La crise met à l’épreuve notre société et notre système de santé, qui en est une composante essentielle. La pandémie dévoile impitoyablement à quel point nous sommes mal organisés. Nous sommes pris au dépourvu, mais parvenons malgré tout à nous en sortir de justesse au printemps et en été grâce à l’intervention ­courageuse du Conseil fédéral. Et qu’est-ce qui se passe après? Rien. Encore rien. Toujours rien. Au lieu de se préparer à la deuxième vague, des guérillas d’intérêts sont menées, chaque branche souhaite que ses privilèges soient préservés dans une compétition des ­incompétences.

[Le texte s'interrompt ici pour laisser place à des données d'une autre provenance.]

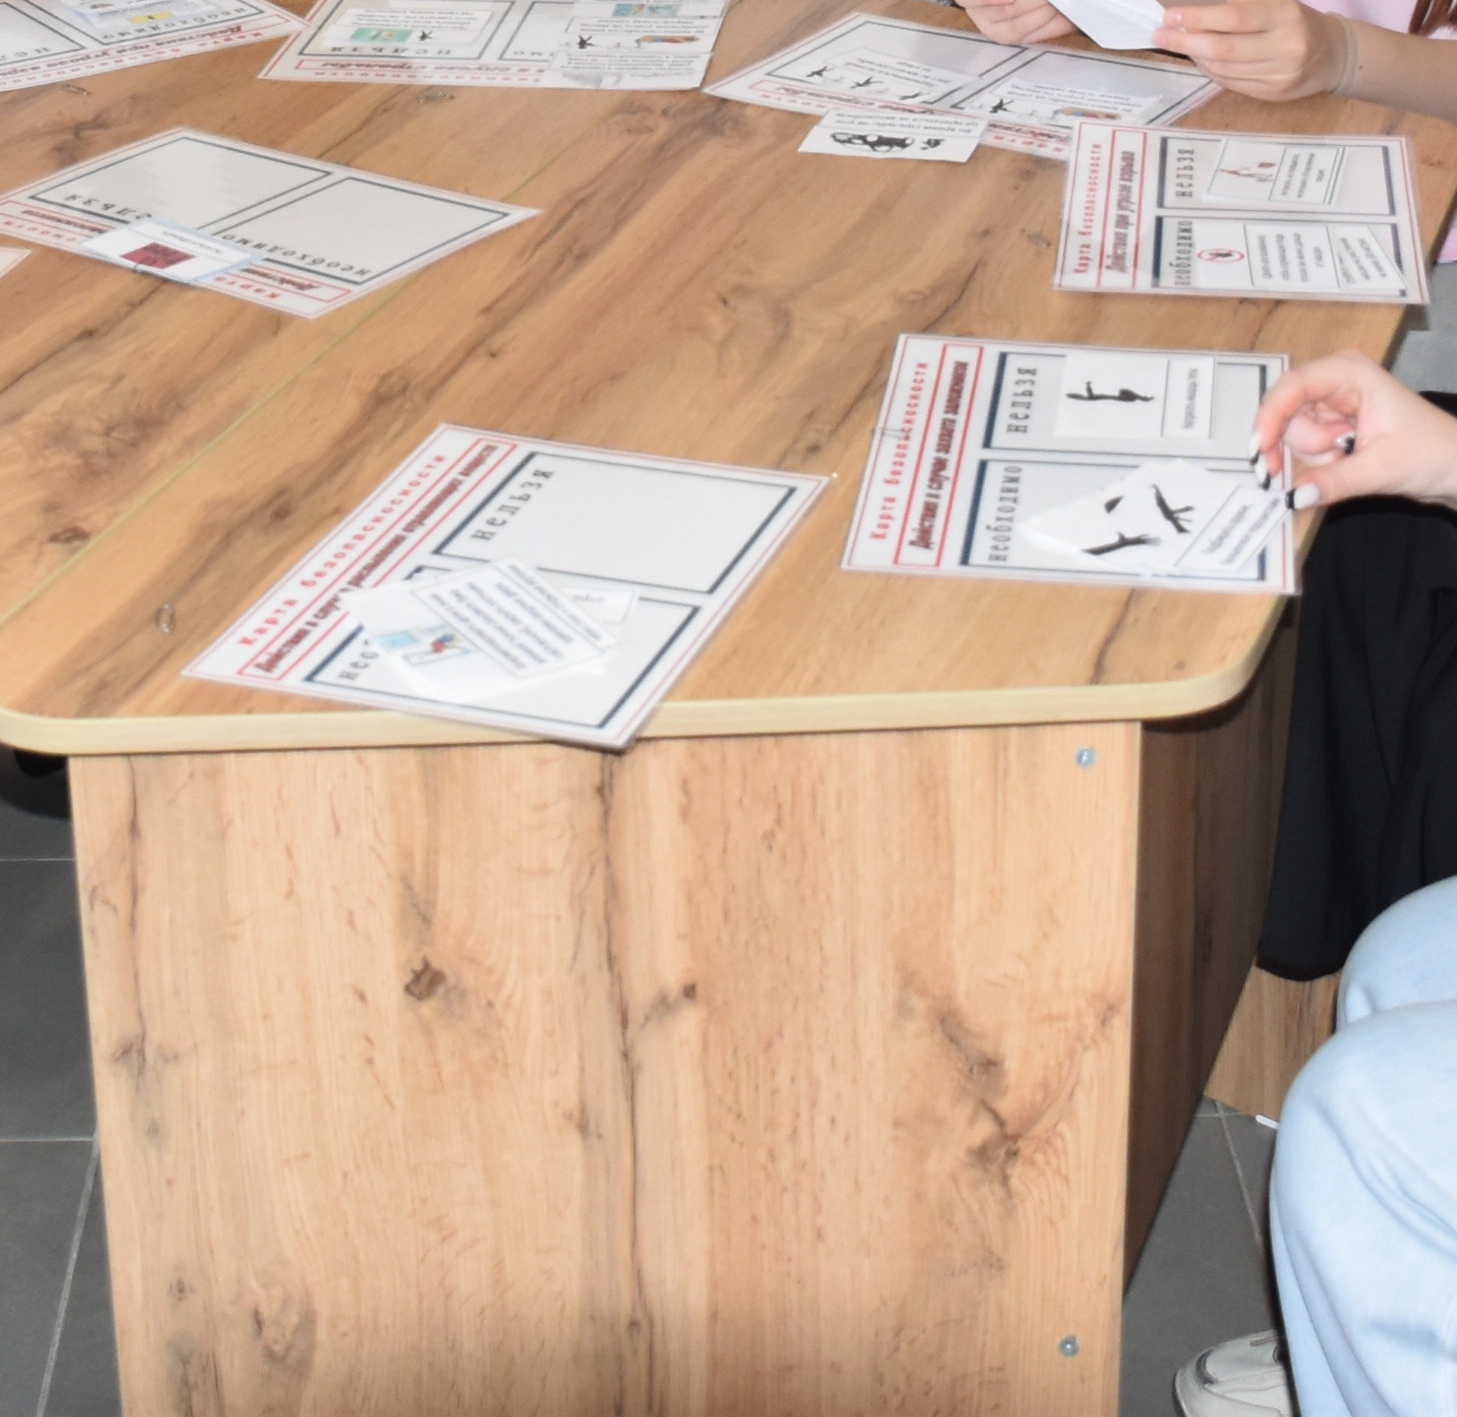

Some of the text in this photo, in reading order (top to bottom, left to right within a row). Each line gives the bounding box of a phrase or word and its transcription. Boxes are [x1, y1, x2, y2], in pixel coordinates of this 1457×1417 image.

[116, 44, 149, 54] при
[156, 24, 246, 46] Действия
[47, 49, 110, 67] угрозе
[1176, 149, 1195, 198] нельзя
[65, 195, 152, 219] ельзя
[1073, 243, 1092, 273] Карта
[1169, 221, 1193, 286] необходимо
[1007, 368, 1036, 433] нельзя
[472, 469, 553, 541] нельзя
[870, 497, 896, 540] Карта
[986, 466, 1022, 561] необходимо
[239, 599, 297, 645] Карта
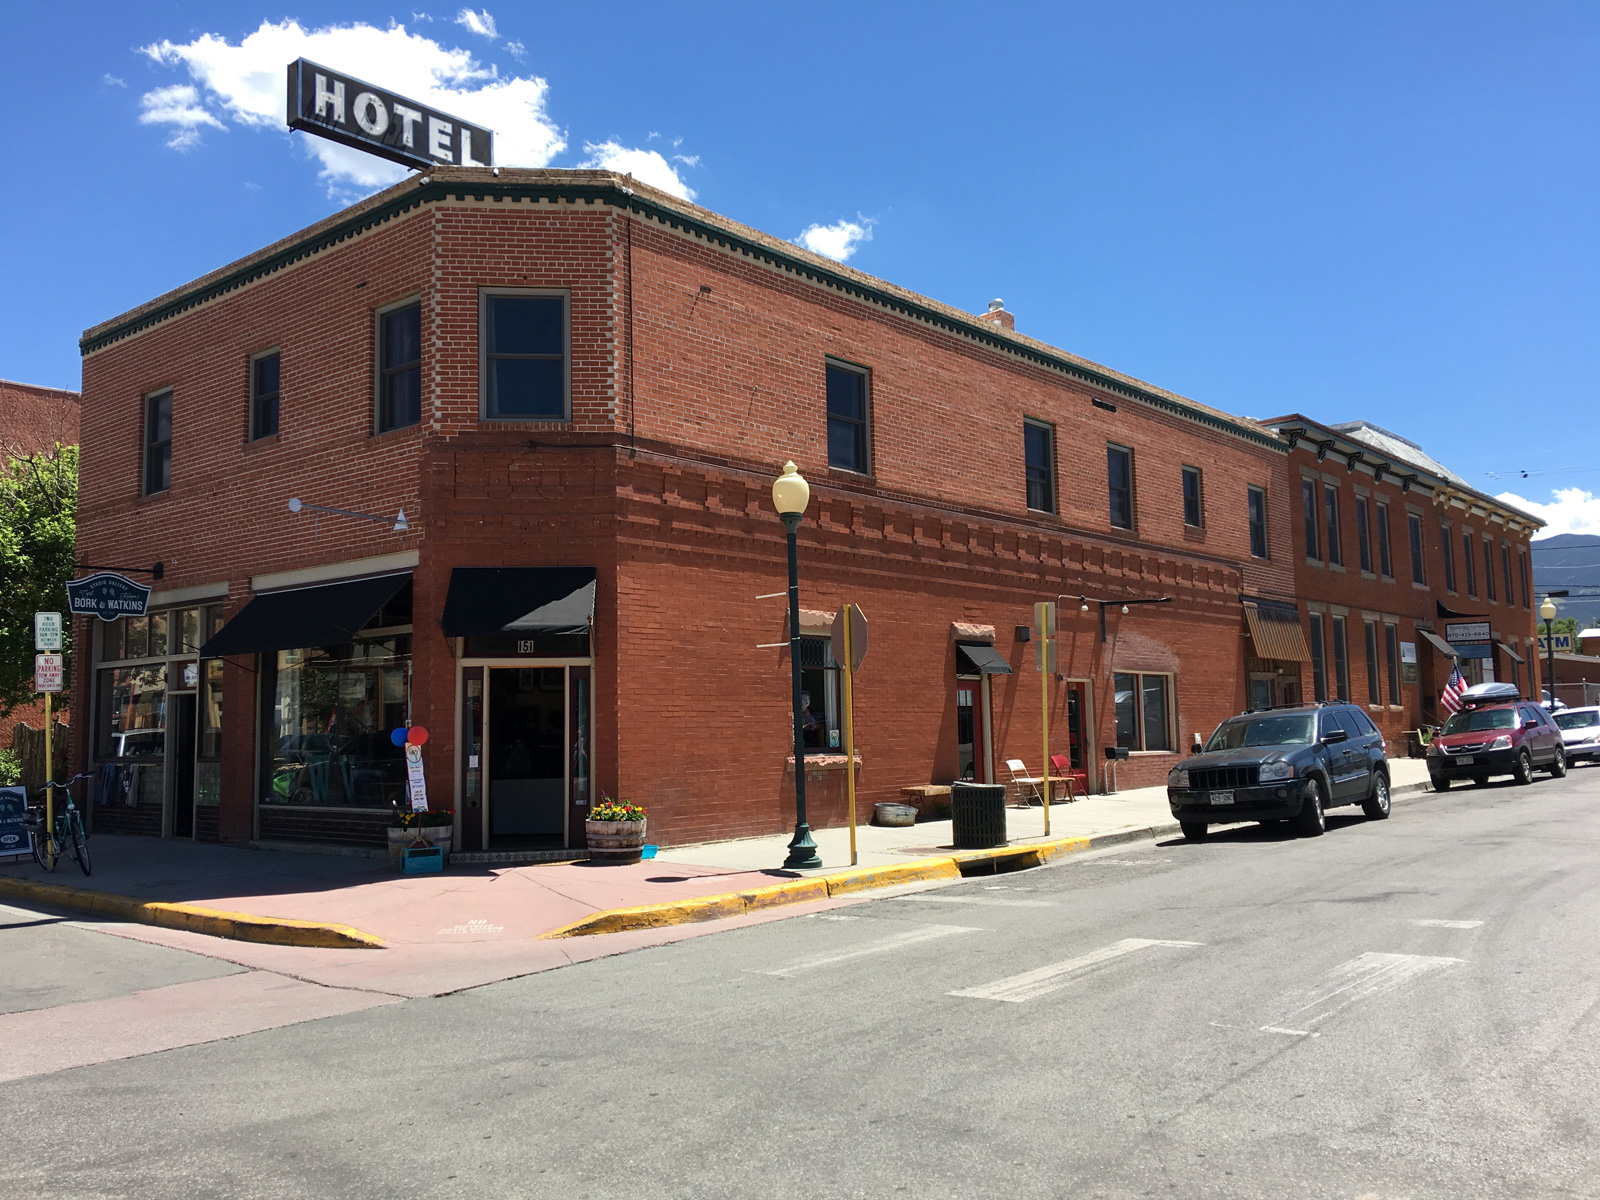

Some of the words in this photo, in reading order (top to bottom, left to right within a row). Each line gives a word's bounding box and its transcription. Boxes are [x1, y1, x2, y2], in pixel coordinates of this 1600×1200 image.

[315, 73, 484, 166] HOTEL
[90, 580, 106, 589] STUDIO
[108, 580, 128, 591] GALLERY
[74, 597, 97, 608] BORK
[99, 601, 106, 609] &
[107, 600, 143, 611] WATKINS
[519, 641, 533, 652] 151
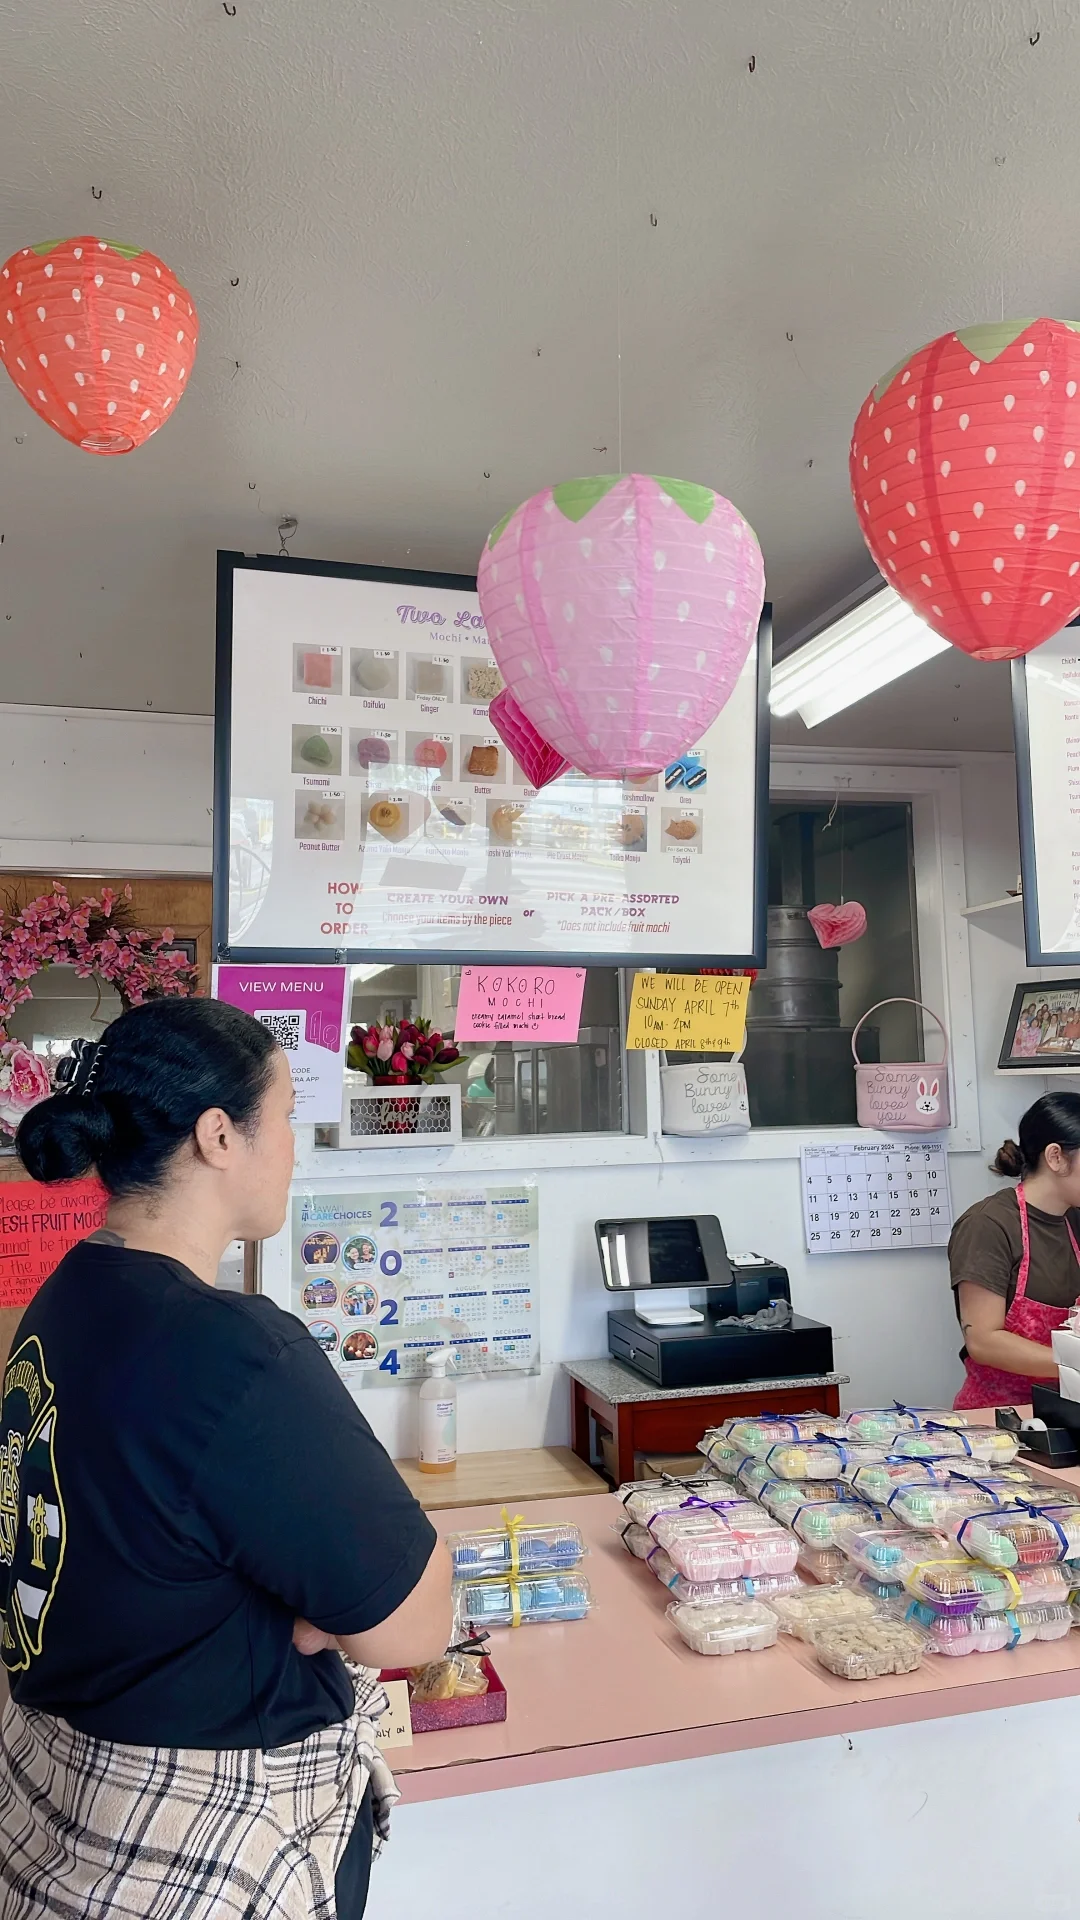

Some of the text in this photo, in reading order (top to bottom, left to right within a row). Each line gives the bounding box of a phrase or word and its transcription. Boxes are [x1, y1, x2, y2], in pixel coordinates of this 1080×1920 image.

[396, 605, 446, 625] Two
[430, 632, 461, 642] Mochi
[308, 696, 327, 706] Chichi
[363, 700, 386, 710] Daifuku
[420, 704, 439, 715] Ginger
[302, 777, 330, 787] Tsumami
[474, 786, 492, 795] Butter
[300, 842, 340, 852] Peanut Butter
[328, 882, 363, 895] HOW
[387, 893, 508, 905] CREATE YOUR OWN
[547, 891, 574, 902] PICK
[581, 892, 589, 902] A
[336, 903, 353, 915] TO
[523, 908, 534, 917] or
[437, 912, 460, 925] items
[462, 912, 473, 927] by
[474, 913, 488, 925] the
[489, 914, 512, 926] piece
[583, 921, 597, 932] not
[598, 920, 627, 932] include
[629, 921, 644, 933] fruit
[646, 922, 670, 933] mochi
[320, 922, 368, 935] ORDER
[239, 982, 324, 992] VIEW MENU
[478, 976, 555, 995] KOKORO
[641, 976, 743, 995] WE WILL BE OPEN
[488, 997, 543, 1008] MOCHI
[636, 996, 740, 1017] SUNDAY APRIL 7th
[674, 1018, 690, 1032] 2PM
[634, 1038, 668, 1048] CLOSED
[675, 1039, 696, 1049] APRIL
[697, 1066, 738, 1083] Some
[874, 1066, 920, 1083] Some
[684, 1083, 732, 1099] Bunny
[866, 1080, 910, 1099] Bunny
[692, 1098, 731, 1114] loves
[869, 1094, 909, 1111] loves
[381, 1101, 418, 1125] love
[877, 1110, 907, 1125] you
[703, 1114, 730, 1129] you
[905, 1154, 911, 1162] 2
[924, 1153, 932, 1162] 3
[808, 1176, 812, 1185] 4
[828, 1176, 832, 1184] 5
[846, 1174, 852, 1183] 6
[866, 1174, 872, 1182] 7
[906, 1172, 913, 1180] 9
[928, 1170, 937, 1179] 10
[40, 1194, 55, 1209] be
[61, 1194, 100, 1208] aware
[828, 1194, 839, 1202] 12
[848, 1192, 858, 1201] 13
[890, 1190, 899, 1199] 15
[908, 1190, 919, 1198] 16
[928, 1188, 938, 1197] 17
[310, 1211, 372, 1220] CARECHOICES
[810, 1208, 940, 1222] 18 19 20 21 22 23 24
[32, 1213, 70, 1233] FRUIT
[810, 1228, 902, 1241] 25 26 27 28 29
[40, 1237, 55, 1252] be
[11, 1260, 32, 1275] the
[10, 1288, 32, 1296] FRUIT
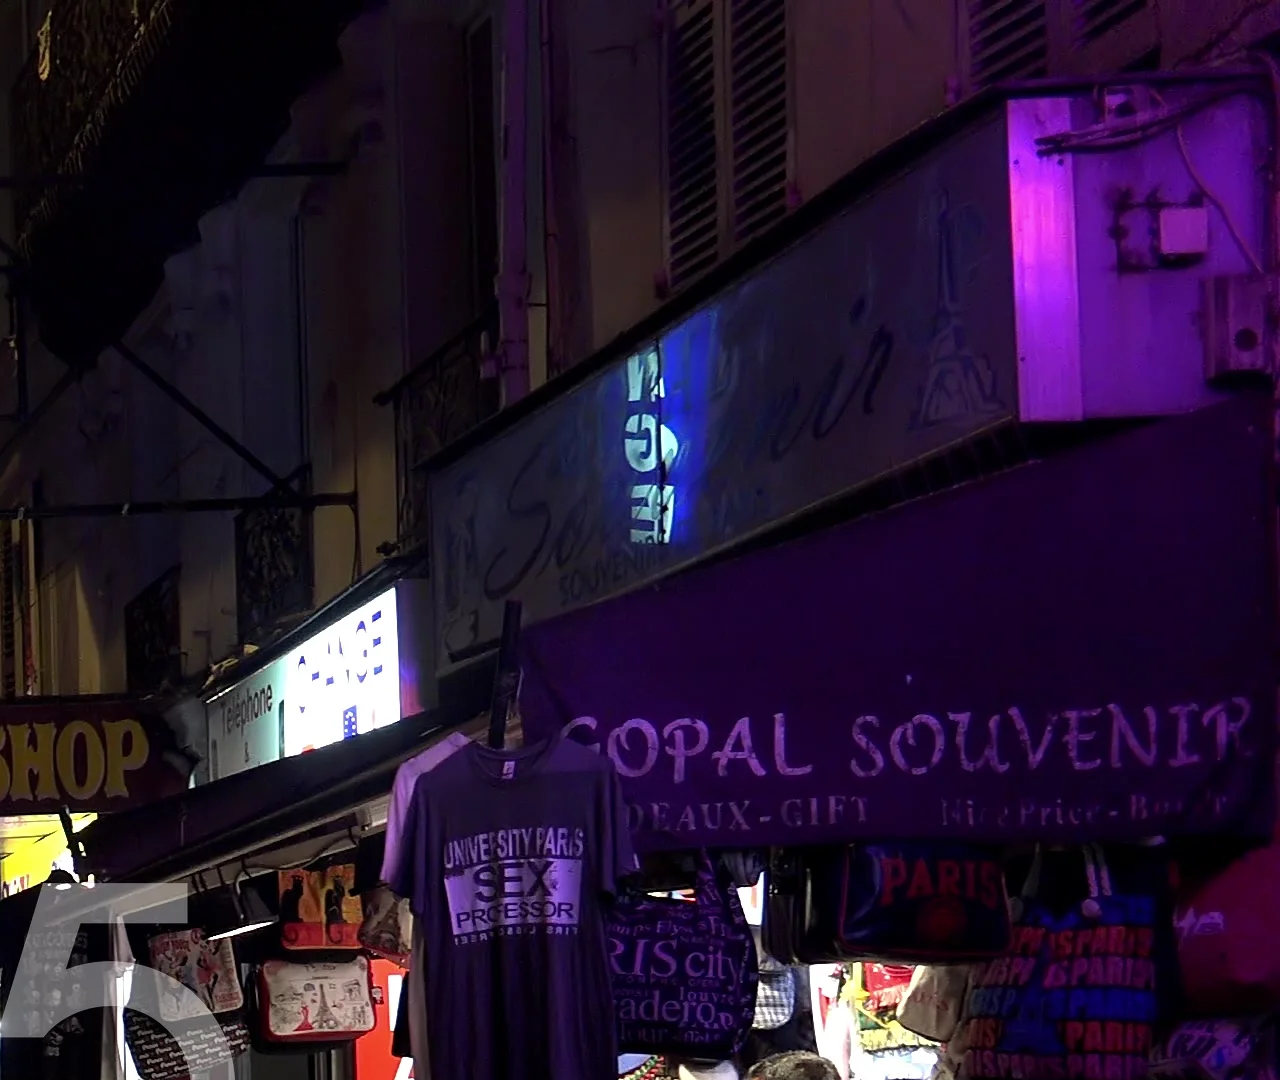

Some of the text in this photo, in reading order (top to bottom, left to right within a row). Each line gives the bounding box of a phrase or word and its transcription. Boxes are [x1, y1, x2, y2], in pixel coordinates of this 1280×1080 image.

[473, 860, 555, 903] SEX
[879, 855, 1000, 911] PARIS
[684, 945, 738, 992] city

En raison de «pesées des intérêts», le nombre de tests positifs en augmentation depuis ­septembre est ignoré. Les médecins de famille et de l’enfance de toute la Suisse ont été les témoins directs de cette augmentation des malades. Nous avons adapté nos concepts en conséquence, nous nous sommes préparés. Nous avons essayé, depuis le début de la pandémie, de proposer notre soutien, nous avons exigé que des concepts dans lesquels les médecins de famille et de l’enfance sont impliqués soient élaborés. Ce n’est qu’après une interview à la radio, le matin à six heures et quart, que les choses ont commencé à bouger lentement. Lentement.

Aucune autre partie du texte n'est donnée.